I mean why else would anyone spend the majority of their adult life choosing to dress like they were an ‘extra’ from a Mad Max film. Not to mention constantly wear loads of makeup, dye his hair numerous colours and sport various types of ‘piercings’. Of course he did have to tone it down for work, but not so much that you still couldn’t see what he was, it just wasn’t in your face so much. Still that was him all over, as he always somehow managed to fit in, no matter where he was or who he was with. Well that’s how I always saw it and to tell you the truth I often envied him for it. As from where I stood it always looked like he was lucky enough to be able to live the kind of life where he could be dabbling around the edges of satanic rituals and the black arts, (not to mention ‘Dungeons and Dragons’) during the weekend.
Everything A Goth Needs
Yet still manage to hold down a nice little regular nine to five as a small-time computer whiz in an even smaller publishing company during the week without any trouble.
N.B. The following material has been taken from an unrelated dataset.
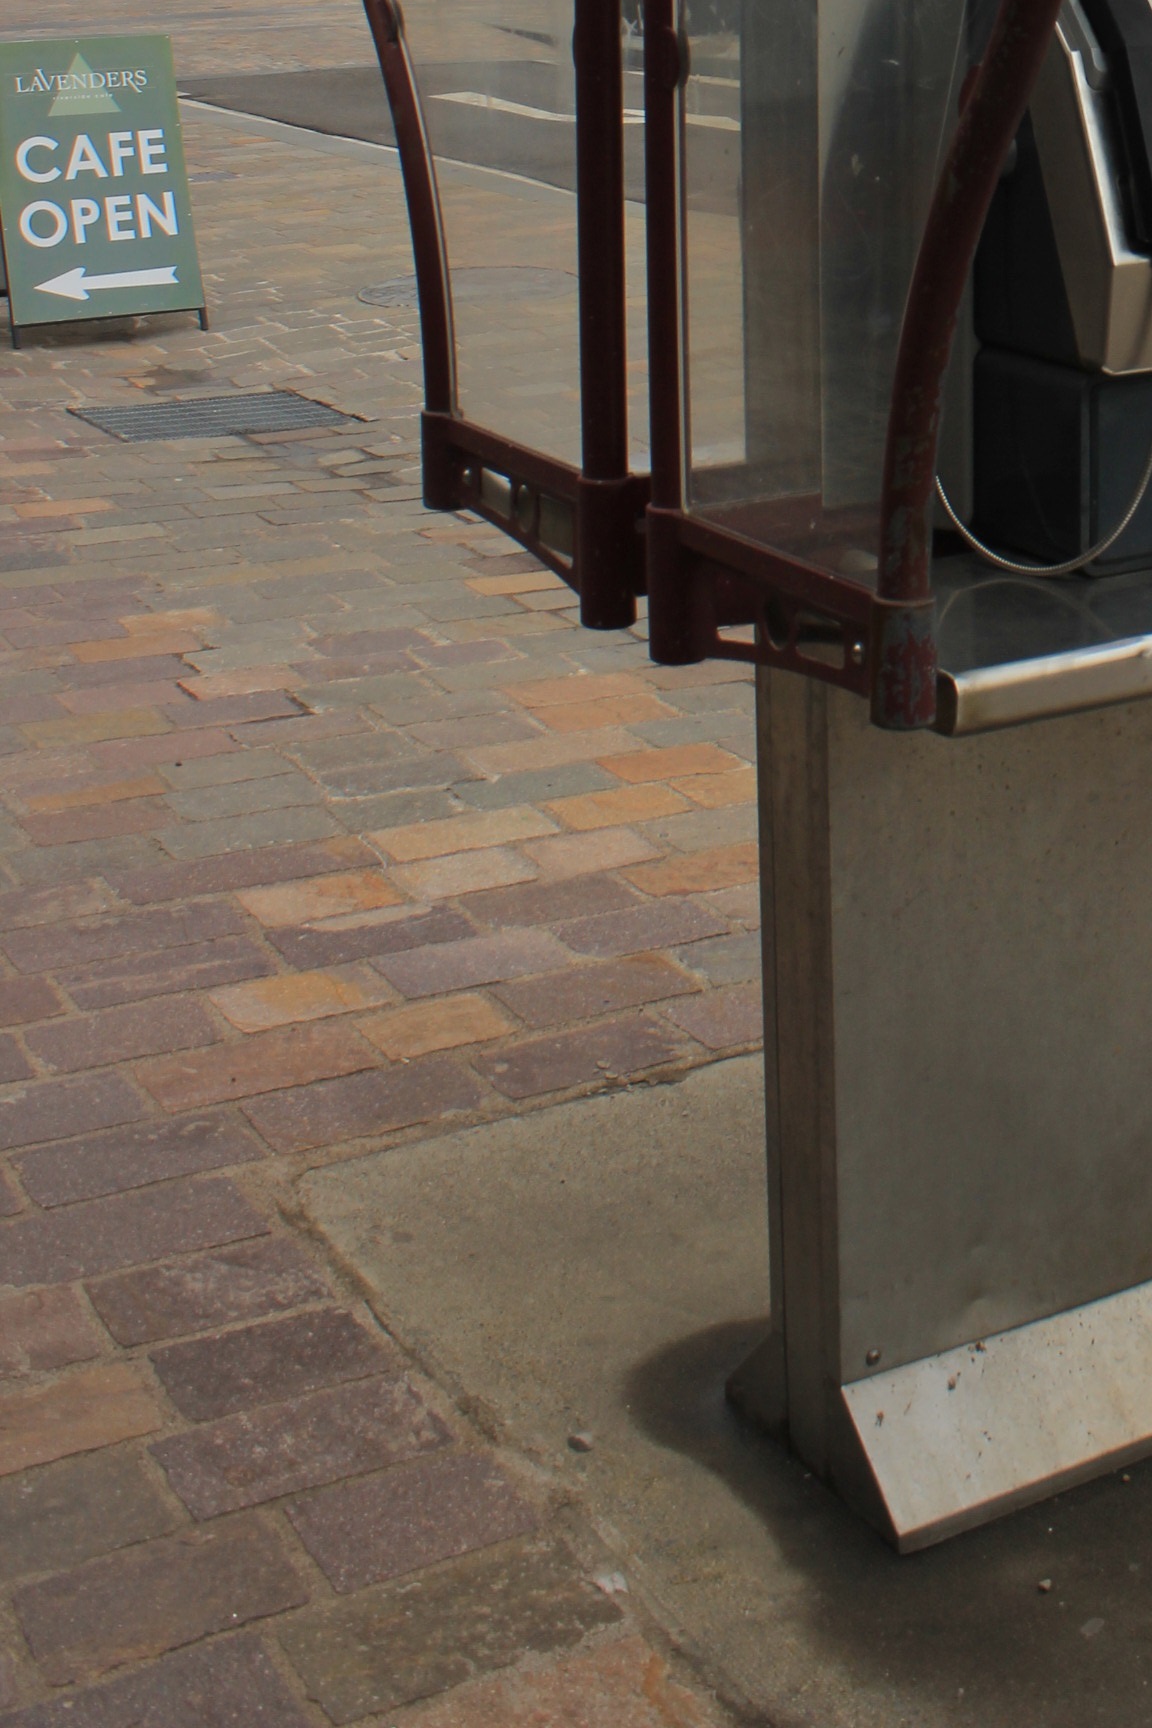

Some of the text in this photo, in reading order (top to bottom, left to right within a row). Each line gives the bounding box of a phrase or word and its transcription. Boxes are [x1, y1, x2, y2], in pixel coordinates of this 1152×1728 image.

[15, 68, 148, 93] LAVENDERS
[15, 128, 168, 184] CAFE
[19, 190, 179, 249] OPEN
Mainly because and as I’ve already said, Jacque was the kind of guy who could go for a pint of Guinness with his mates from the office, and in the course of a short conversation jump from work to witchcraft and back again, all in the drop of a hat without anyone blinking an eye, like it was the norm and they all accepted it. But of course, being Jacque was a Goth, he never actually ‘dropped’ anything, unless he really felt like getting ‘completely stoned’, -his expression you understand not mine.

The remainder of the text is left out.